Data in this exercise –
== Segment start ==

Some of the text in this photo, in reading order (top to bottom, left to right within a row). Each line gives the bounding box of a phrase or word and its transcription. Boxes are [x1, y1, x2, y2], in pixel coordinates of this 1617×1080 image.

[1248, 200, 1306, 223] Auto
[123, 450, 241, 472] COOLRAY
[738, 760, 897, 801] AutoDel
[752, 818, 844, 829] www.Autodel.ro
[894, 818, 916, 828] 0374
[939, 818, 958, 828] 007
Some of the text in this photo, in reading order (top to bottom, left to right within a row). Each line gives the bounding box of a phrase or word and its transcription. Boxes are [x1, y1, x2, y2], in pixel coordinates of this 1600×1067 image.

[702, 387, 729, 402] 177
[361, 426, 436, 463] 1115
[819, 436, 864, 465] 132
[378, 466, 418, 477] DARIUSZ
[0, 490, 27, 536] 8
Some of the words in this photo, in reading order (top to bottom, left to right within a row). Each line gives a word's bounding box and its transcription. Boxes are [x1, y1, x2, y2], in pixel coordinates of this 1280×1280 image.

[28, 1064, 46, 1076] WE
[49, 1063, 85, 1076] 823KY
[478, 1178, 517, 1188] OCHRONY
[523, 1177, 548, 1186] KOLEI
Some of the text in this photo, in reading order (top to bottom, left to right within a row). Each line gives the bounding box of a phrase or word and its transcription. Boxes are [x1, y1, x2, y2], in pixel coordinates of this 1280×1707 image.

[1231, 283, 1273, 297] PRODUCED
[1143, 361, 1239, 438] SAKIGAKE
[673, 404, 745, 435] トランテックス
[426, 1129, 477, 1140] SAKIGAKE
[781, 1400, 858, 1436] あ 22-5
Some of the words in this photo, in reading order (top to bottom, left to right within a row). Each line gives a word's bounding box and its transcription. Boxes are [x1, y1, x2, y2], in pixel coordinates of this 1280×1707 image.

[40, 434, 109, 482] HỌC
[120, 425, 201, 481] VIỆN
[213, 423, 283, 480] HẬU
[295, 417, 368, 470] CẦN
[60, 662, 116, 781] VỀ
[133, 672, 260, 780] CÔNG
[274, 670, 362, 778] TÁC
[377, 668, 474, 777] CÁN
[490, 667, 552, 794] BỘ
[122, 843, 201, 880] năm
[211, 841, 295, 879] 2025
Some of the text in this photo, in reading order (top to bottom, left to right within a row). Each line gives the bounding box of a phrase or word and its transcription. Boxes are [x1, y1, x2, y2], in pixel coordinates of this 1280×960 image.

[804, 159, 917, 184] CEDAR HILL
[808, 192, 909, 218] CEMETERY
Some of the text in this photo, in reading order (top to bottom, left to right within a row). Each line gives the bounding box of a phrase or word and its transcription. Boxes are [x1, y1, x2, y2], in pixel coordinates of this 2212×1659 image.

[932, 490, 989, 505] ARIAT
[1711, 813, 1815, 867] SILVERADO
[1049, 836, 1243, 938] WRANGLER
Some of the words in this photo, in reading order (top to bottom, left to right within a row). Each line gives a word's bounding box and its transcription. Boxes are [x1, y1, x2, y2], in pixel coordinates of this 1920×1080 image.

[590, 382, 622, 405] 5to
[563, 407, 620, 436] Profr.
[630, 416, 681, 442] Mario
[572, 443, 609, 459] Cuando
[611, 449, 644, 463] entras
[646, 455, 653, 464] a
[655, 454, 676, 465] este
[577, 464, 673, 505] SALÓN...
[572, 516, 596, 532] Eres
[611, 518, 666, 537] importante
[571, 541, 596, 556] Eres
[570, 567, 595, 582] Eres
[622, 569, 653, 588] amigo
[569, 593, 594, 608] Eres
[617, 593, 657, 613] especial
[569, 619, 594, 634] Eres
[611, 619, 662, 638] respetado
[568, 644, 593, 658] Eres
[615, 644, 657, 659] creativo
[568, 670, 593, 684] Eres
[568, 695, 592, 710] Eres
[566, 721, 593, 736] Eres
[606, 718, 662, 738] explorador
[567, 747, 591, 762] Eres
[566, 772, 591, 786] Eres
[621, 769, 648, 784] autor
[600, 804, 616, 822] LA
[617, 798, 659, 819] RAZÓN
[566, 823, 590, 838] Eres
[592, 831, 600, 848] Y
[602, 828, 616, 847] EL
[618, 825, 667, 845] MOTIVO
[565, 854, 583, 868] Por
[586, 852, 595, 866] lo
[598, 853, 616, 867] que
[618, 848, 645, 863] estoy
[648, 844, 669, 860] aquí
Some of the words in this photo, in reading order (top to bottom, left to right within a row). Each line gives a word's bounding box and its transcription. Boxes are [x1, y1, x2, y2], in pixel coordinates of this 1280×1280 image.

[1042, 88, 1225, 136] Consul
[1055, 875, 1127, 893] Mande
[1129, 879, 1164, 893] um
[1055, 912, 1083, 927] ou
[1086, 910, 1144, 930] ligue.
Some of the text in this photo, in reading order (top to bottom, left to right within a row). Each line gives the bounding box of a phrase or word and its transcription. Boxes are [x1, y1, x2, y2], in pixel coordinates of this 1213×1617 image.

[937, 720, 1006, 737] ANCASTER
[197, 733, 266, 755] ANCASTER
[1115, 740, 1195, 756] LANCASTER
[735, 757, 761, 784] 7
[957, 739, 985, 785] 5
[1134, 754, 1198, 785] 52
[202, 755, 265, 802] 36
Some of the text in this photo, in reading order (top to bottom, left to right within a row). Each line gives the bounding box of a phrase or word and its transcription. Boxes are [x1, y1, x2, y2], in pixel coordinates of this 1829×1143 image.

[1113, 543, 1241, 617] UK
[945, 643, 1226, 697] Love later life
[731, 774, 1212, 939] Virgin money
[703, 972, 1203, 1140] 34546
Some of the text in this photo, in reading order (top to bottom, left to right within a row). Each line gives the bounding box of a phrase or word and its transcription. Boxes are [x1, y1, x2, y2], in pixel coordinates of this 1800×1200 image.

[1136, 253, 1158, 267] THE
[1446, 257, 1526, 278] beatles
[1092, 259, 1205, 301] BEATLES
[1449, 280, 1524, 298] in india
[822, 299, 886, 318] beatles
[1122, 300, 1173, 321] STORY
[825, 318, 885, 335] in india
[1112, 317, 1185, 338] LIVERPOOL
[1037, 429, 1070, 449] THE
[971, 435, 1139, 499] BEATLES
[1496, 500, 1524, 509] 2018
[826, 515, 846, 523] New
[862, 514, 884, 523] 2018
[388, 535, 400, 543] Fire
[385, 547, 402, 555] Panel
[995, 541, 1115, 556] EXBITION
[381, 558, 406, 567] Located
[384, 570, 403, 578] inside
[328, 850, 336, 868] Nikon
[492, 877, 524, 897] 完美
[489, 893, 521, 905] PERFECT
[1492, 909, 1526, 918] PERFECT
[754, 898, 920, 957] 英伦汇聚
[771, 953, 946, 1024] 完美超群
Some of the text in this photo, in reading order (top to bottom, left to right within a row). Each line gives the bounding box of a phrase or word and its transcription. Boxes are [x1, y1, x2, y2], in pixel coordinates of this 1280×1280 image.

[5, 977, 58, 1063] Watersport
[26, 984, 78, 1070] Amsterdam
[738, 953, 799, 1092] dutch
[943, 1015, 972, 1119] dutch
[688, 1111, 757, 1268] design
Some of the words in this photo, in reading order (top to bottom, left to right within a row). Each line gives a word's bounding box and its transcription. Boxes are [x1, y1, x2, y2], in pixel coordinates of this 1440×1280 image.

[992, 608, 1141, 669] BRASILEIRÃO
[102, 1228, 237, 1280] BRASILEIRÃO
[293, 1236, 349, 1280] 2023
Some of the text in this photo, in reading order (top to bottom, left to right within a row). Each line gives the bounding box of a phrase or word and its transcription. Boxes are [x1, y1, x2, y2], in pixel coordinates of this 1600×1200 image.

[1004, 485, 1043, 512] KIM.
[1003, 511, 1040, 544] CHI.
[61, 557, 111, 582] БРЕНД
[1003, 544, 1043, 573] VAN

== Segment end ==

What to do – The whole listing should be restated word for word.

Output of the task –
Some of the text in this photo, in reading order (top to bottom, left to right within a row). Each line gives the bounding box of a phrase or word and its transcription. Boxes are [x1, y1, x2, y2], in pixel coordinates of this 1617×1080 image.

[1248, 200, 1306, 223] Auto
[123, 450, 241, 472] COOLRAY
[738, 760, 897, 801] AutoDel
[752, 818, 844, 829] www.Autodel.ro
[894, 818, 916, 828] 0374
[939, 818, 958, 828] 007
Some of the text in this photo, in reading order (top to bottom, left to right within a row). Each line gives the bounding box of a phrase or word and its transcription. Boxes are [x1, y1, x2, y2], in pixel coordinates of this 1600×1067 image.

[702, 387, 729, 402] 177
[361, 426, 436, 463] 1115
[819, 436, 864, 465] 132
[378, 466, 418, 477] DARIUSZ
[0, 490, 27, 536] 8
Some of the words in this photo, in reading order (top to bottom, left to right within a row). Each line gives a word's bounding box and its transcription. Boxes are [x1, y1, x2, y2], in pixel coordinates of this 1280×1280 image.

[28, 1064, 46, 1076] WE
[49, 1063, 85, 1076] 823KY
[478, 1178, 517, 1188] OCHRONY
[523, 1177, 548, 1186] KOLEI
Some of the text in this photo, in reading order (top to bottom, left to right within a row). Each line gives the bounding box of a phrase or word and its transcription. Boxes are [x1, y1, x2, y2], in pixel coordinates of this 1280×1707 image.

[1231, 283, 1273, 297] PRODUCED
[1143, 361, 1239, 438] SAKIGAKE
[673, 404, 745, 435] トランテックス
[426, 1129, 477, 1140] SAKIGAKE
[781, 1400, 858, 1436] あ 22-5
Some of the words in this photo, in reading order (top to bottom, left to right within a row). Each line gives a word's bounding box and its transcription. Boxes are [x1, y1, x2, y2], in pixel coordinates of this 1280×1707 image.

[40, 434, 109, 482] HỌC
[120, 425, 201, 481] VIỆN
[213, 423, 283, 480] HẬU
[295, 417, 368, 470] CẦN
[60, 662, 116, 781] VỀ
[133, 672, 260, 780] CÔNG
[274, 670, 362, 778] TÁC
[377, 668, 474, 777] CÁN
[490, 667, 552, 794] BỘ
[122, 843, 201, 880] năm
[211, 841, 295, 879] 2025
Some of the text in this photo, in reading order (top to bottom, left to right within a row). Each line gives the bounding box of a phrase or word and its transcription. Boxes are [x1, y1, x2, y2], in pixel coordinates of this 1280×960 image.

[804, 159, 917, 184] CEDAR HILL
[808, 192, 909, 218] CEMETERY
Some of the text in this photo, in reading order (top to bottom, left to right within a row). Each line gives the bounding box of a phrase or word and its transcription. Boxes are [x1, y1, x2, y2], in pixel coordinates of this 2212×1659 image.

[932, 490, 989, 505] ARIAT
[1711, 813, 1815, 867] SILVERADO
[1049, 836, 1243, 938] WRANGLER
Some of the words in this photo, in reading order (top to bottom, left to right within a row). Each line gives a word's bounding box and its transcription. Boxes are [x1, y1, x2, y2], in pixel coordinates of this 1920×1080 image.

[590, 382, 622, 405] 5to
[563, 407, 620, 436] Profr.
[630, 416, 681, 442] Mario
[572, 443, 609, 459] Cuando
[611, 449, 644, 463] entras
[646, 455, 653, 464] a
[655, 454, 676, 465] este
[577, 464, 673, 505] SALÓN...
[572, 516, 596, 532] Eres
[611, 518, 666, 537] importante
[571, 541, 596, 556] Eres
[570, 567, 595, 582] Eres
[622, 569, 653, 588] amigo
[569, 593, 594, 608] Eres
[617, 593, 657, 613] especial
[569, 619, 594, 634] Eres
[611, 619, 662, 638] respetado
[568, 644, 593, 658] Eres
[615, 644, 657, 659] creativo
[568, 670, 593, 684] Eres
[568, 695, 592, 710] Eres
[566, 721, 593, 736] Eres
[606, 718, 662, 738] explorador
[567, 747, 591, 762] Eres
[566, 772, 591, 786] Eres
[621, 769, 648, 784] autor
[600, 804, 616, 822] LA
[617, 798, 659, 819] RAZÓN
[566, 823, 590, 838] Eres
[592, 831, 600, 848] Y
[602, 828, 616, 847] EL
[618, 825, 667, 845] MOTIVO
[565, 854, 583, 868] Por
[586, 852, 595, 866] lo
[598, 853, 616, 867] que
[618, 848, 645, 863] estoy
[648, 844, 669, 860] aquí
Some of the words in this photo, in reading order (top to bottom, left to right within a row). Each line gives a word's bounding box and its transcription. Boxes are [x1, y1, x2, y2], in pixel coordinates of this 1280×1280 image.

[1042, 88, 1225, 136] Consul
[1055, 875, 1127, 893] Mande
[1129, 879, 1164, 893] um
[1055, 912, 1083, 927] ou
[1086, 910, 1144, 930] ligue.
Some of the text in this photo, in reading order (top to bottom, left to right within a row). Each line gives the bounding box of a phrase or word and its transcription. Boxes are [x1, y1, x2, y2], in pixel coordinates of this 1213×1617 image.

[937, 720, 1006, 737] ANCASTER
[197, 733, 266, 755] ANCASTER
[1115, 740, 1195, 756] LANCASTER
[735, 757, 761, 784] 7
[957, 739, 985, 785] 5
[1134, 754, 1198, 785] 52
[202, 755, 265, 802] 36
Some of the text in this photo, in reading order (top to bottom, left to right within a row). Each line gives the bounding box of a phrase or word and its transcription. Boxes are [x1, y1, x2, y2], in pixel coordinates of this 1829×1143 image.

[1113, 543, 1241, 617] UK
[945, 643, 1226, 697] Love later life
[731, 774, 1212, 939] Virgin money
[703, 972, 1203, 1140] 34546
Some of the text in this photo, in reading order (top to bottom, left to right within a row). Each line gives the bounding box of a phrase or word and its transcription. Boxes are [x1, y1, x2, y2], in pixel coordinates of this 1800×1200 image.

[1136, 253, 1158, 267] THE
[1446, 257, 1526, 278] beatles
[1092, 259, 1205, 301] BEATLES
[1449, 280, 1524, 298] in india
[822, 299, 886, 318] beatles
[1122, 300, 1173, 321] STORY
[825, 318, 885, 335] in india
[1112, 317, 1185, 338] LIVERPOOL
[1037, 429, 1070, 449] THE
[971, 435, 1139, 499] BEATLES
[1496, 500, 1524, 509] 2018
[826, 515, 846, 523] New
[862, 514, 884, 523] 2018
[388, 535, 400, 543] Fire
[385, 547, 402, 555] Panel
[995, 541, 1115, 556] EXBITION
[381, 558, 406, 567] Located
[384, 570, 403, 578] inside
[328, 850, 336, 868] Nikon
[492, 877, 524, 897] 完美
[489, 893, 521, 905] PERFECT
[1492, 909, 1526, 918] PERFECT
[754, 898, 920, 957] 英伦汇聚
[771, 953, 946, 1024] 完美超群
Some of the text in this photo, in reading order (top to bottom, left to right within a row). Each line gives the bounding box of a phrase or word and its transcription. Boxes are [x1, y1, x2, y2], in pixel coordinates of this 1280×1280 image.

[5, 977, 58, 1063] Watersport
[26, 984, 78, 1070] Amsterdam
[738, 953, 799, 1092] dutch
[943, 1015, 972, 1119] dutch
[688, 1111, 757, 1268] design
Some of the words in this photo, in reading order (top to bottom, left to right within a row). Each line gives a word's bounding box and its transcription. Boxes are [x1, y1, x2, y2], in pixel coordinates of this 1440×1280 image.

[992, 608, 1141, 669] BRASILEIRÃO
[102, 1228, 237, 1280] BRASILEIRÃO
[293, 1236, 349, 1280] 2023
Some of the text in this photo, in reading order (top to bottom, left to right within a row). Each line gives the bounding box of a phrase or word and its transcription. Boxes are [x1, y1, x2, y2], in pixel coordinates of this 1600×1200 image.

[1004, 485, 1043, 512] KIM.
[1003, 511, 1040, 544] CHI.
[61, 557, 111, 582] БРЕНД
[1003, 544, 1043, 573] VAN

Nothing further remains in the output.